WHAT YOU ARE ASKED TO DO
The reply must repeat each entry exactly and contain no pictures.

Dataset entries
· · · ·
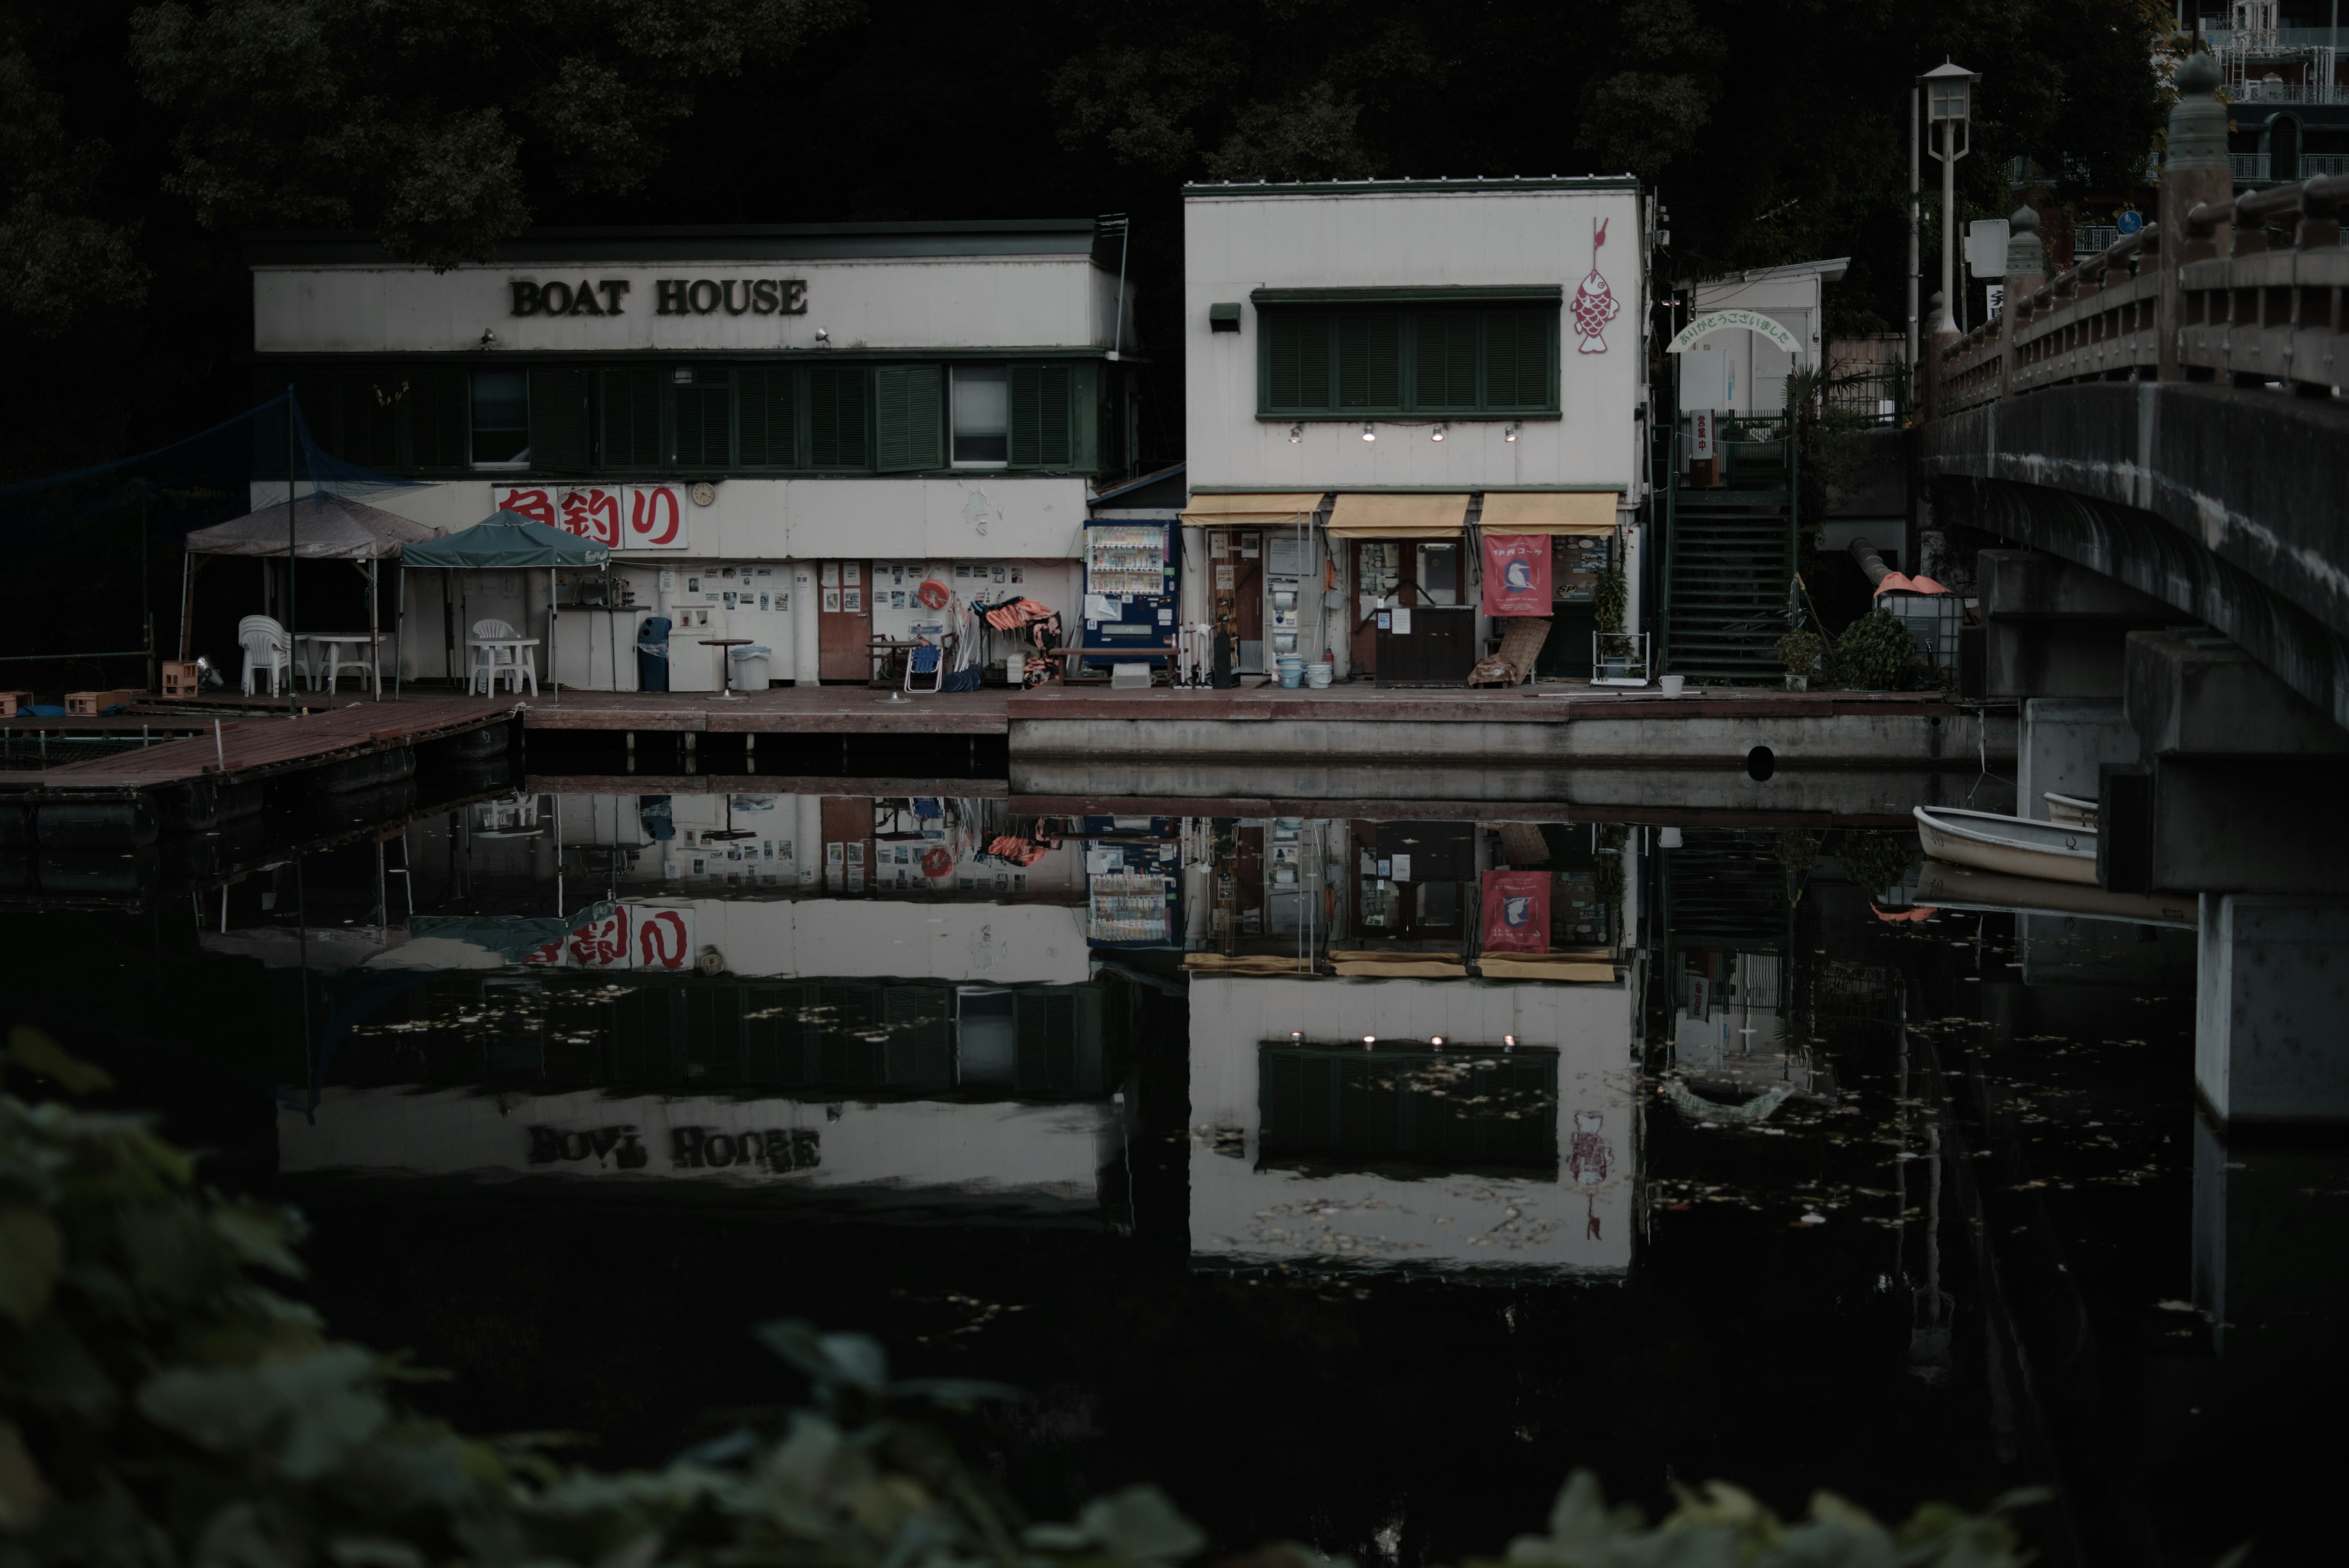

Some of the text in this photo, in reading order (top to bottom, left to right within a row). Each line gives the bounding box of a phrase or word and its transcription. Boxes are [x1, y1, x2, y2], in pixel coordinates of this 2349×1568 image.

[509, 279, 808, 315] BOAT HOUSE
[1679, 313, 1790, 345] ありがとうございました
[1697, 415, 1706, 451] 営業中
[1493, 548, 1542, 556] 伊良コーラ
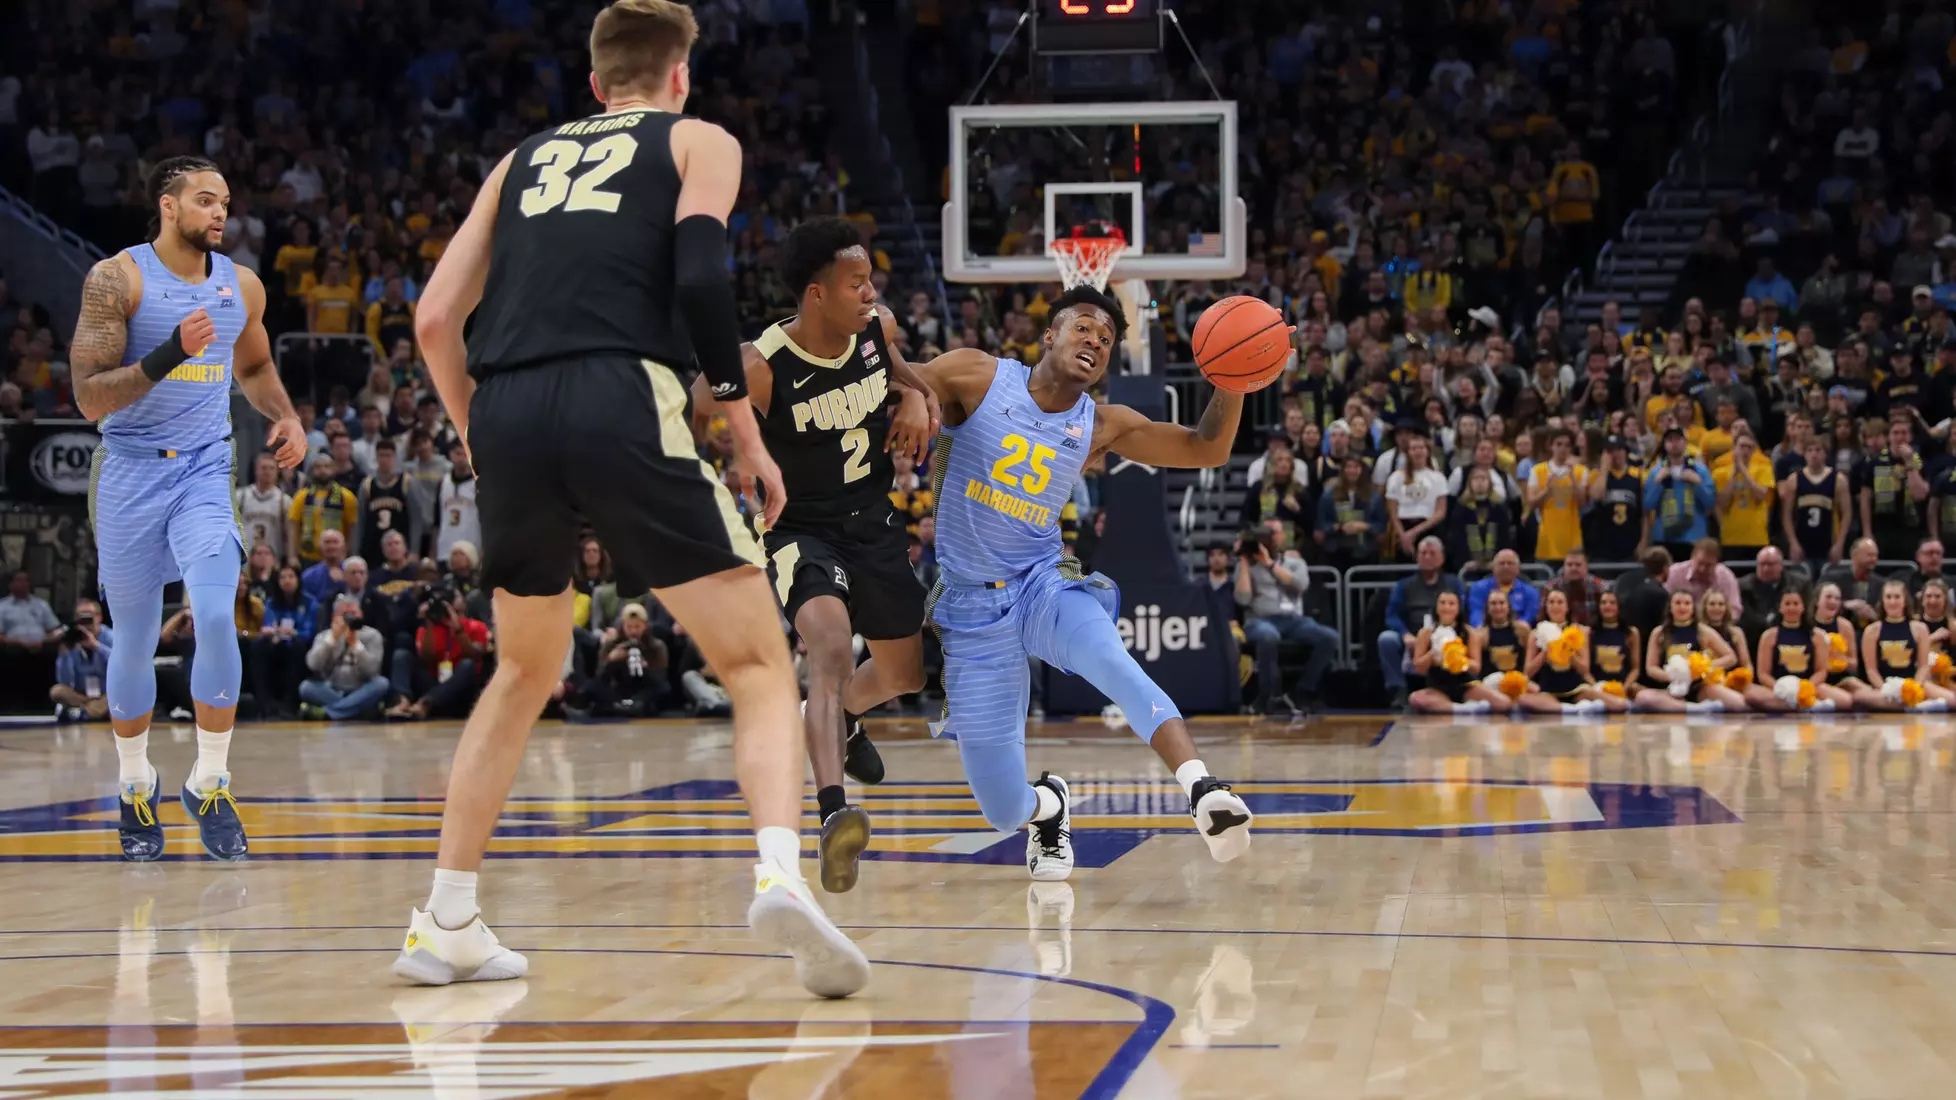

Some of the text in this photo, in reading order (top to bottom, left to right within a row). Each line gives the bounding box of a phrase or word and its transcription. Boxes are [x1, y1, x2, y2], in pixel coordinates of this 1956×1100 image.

[554, 113, 645, 136] HAARMS
[520, 133, 639, 218] 32
[791, 367, 888, 432] PURDUE
[52, 445, 94, 471] FO
[840, 427, 871, 484] 2
[990, 433, 1057, 496] 25
[964, 478, 1052, 528] MARQUETTE
[1807, 507, 1821, 528] 3
[1116, 603, 1208, 662] eijer
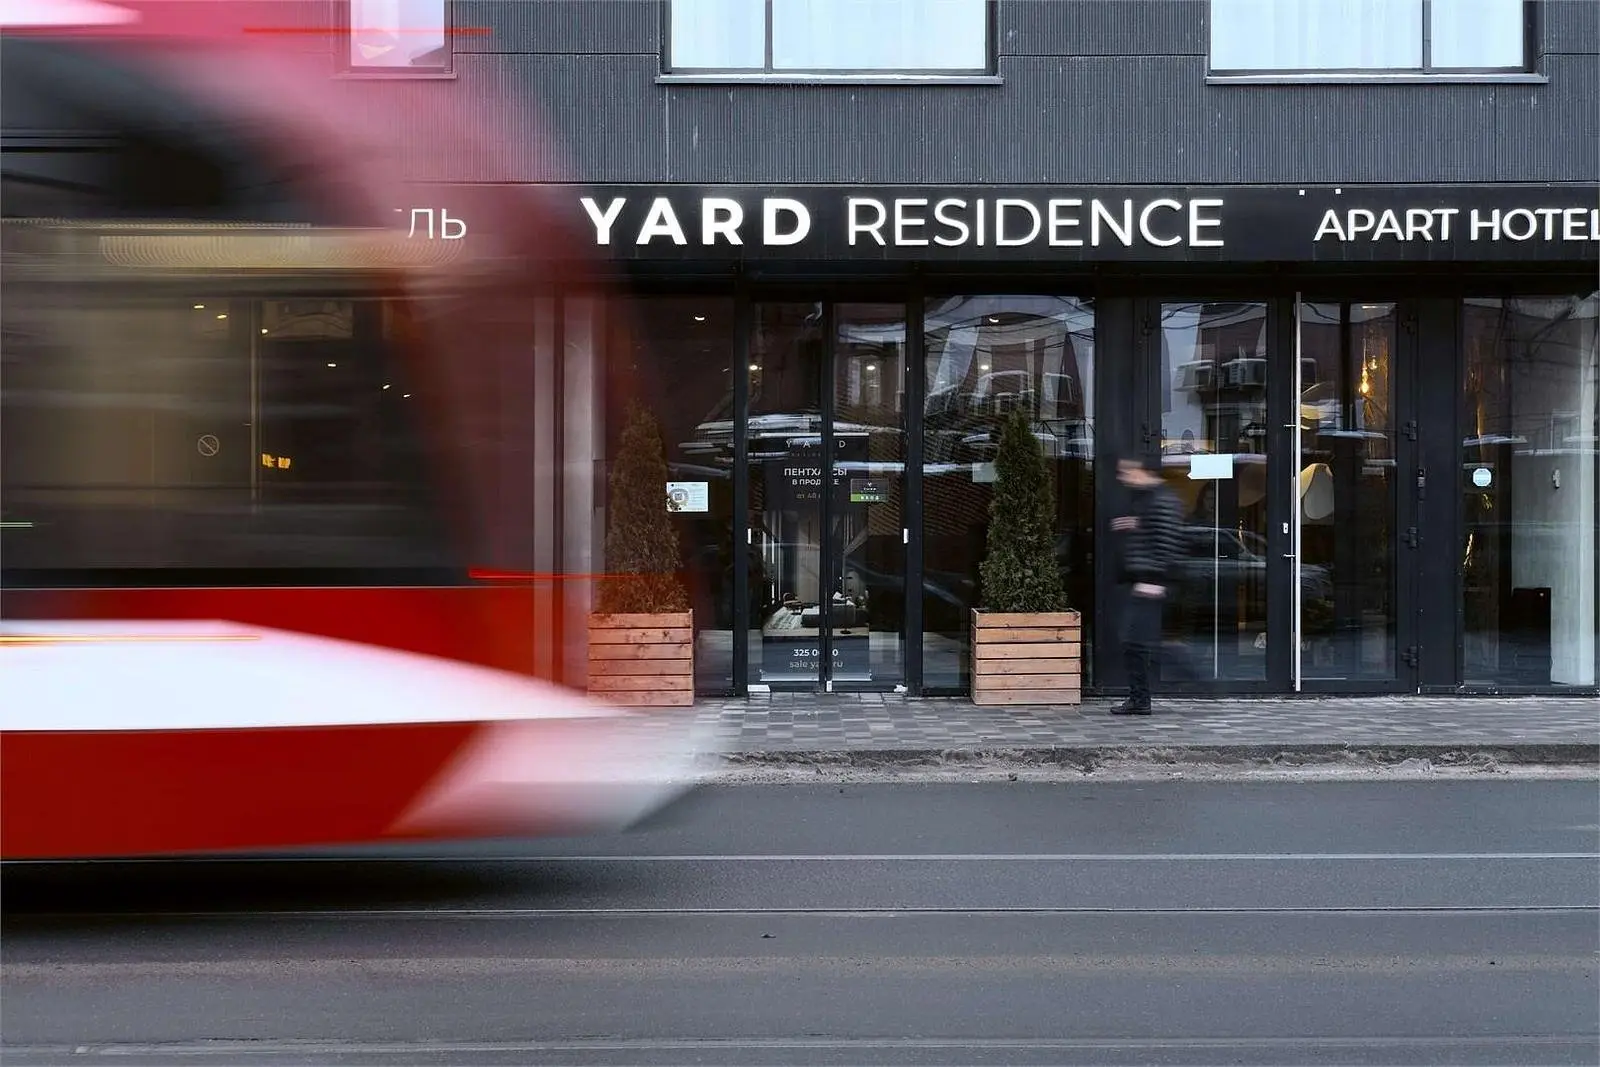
· · · ·
YOUR RESPONSE
Some of the text in this photo, in reading order (top to bottom, left to right within a row). Each line gives the bounding box of a phrase or word and its transcription. Boxes are [x1, y1, x2, y2], in pixel coordinates of this 2349×1568 image.

[509, 279, 808, 315] BOAT HOUSE
[1679, 313, 1790, 345] ありがとうございました
[1697, 415, 1706, 451] 営業中
[1493, 548, 1542, 556] 伊良コーラ

Some of the text in this photo, in reading order (top to bottom, left to right within a row). Each line gives the bounding box of a phrase or word and its transcription. Boxes are [x1, y1, x2, y2], in pixel coordinates of this 1956×1100 image.

[554, 113, 645, 136] HAARMS
[520, 133, 639, 218] 32
[791, 367, 888, 432] PURDUE
[52, 445, 94, 471] FO
[840, 427, 871, 484] 2
[990, 433, 1057, 496] 25
[964, 478, 1052, 528] MARQUETTE
[1807, 507, 1821, 528] 3
[1116, 603, 1208, 662] eijer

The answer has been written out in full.